**Activity:**
Reproduce the records below exactly, leaving out any pictures.

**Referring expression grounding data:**
***

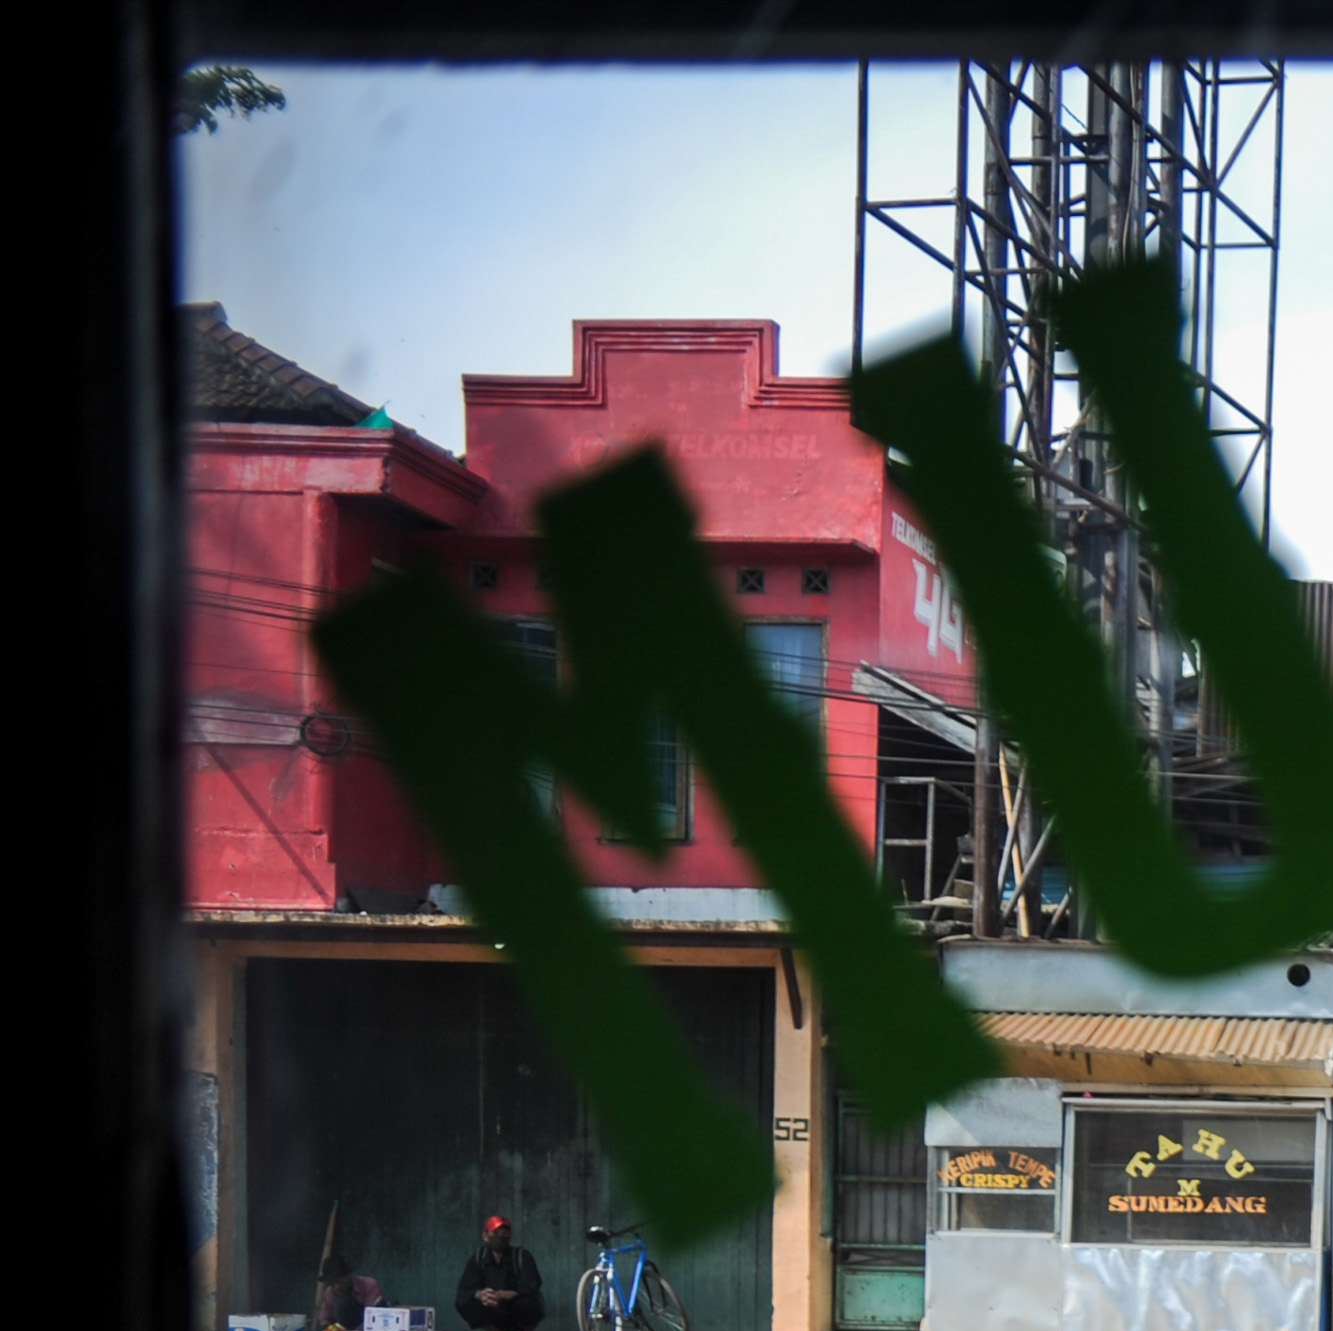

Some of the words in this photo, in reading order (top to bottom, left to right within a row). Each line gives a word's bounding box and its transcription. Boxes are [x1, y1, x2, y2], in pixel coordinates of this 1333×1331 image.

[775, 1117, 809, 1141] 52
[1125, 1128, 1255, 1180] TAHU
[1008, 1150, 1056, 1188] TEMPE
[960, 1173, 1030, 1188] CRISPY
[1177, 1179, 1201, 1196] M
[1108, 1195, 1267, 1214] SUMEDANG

***

**Answer space:**
Some of the words in this photo, in reading order (top to bottom, left to right within a row). Each line gives a word's bounding box and its transcription. Boxes are [x1, y1, x2, y2], in pixel coordinates of this 1333×1331 image.

[775, 1117, 809, 1141] 52
[1125, 1128, 1255, 1180] TAHU
[1008, 1150, 1056, 1188] TEMPE
[960, 1173, 1030, 1188] CRISPY
[1177, 1179, 1201, 1196] M
[1108, 1195, 1267, 1214] SUMEDANG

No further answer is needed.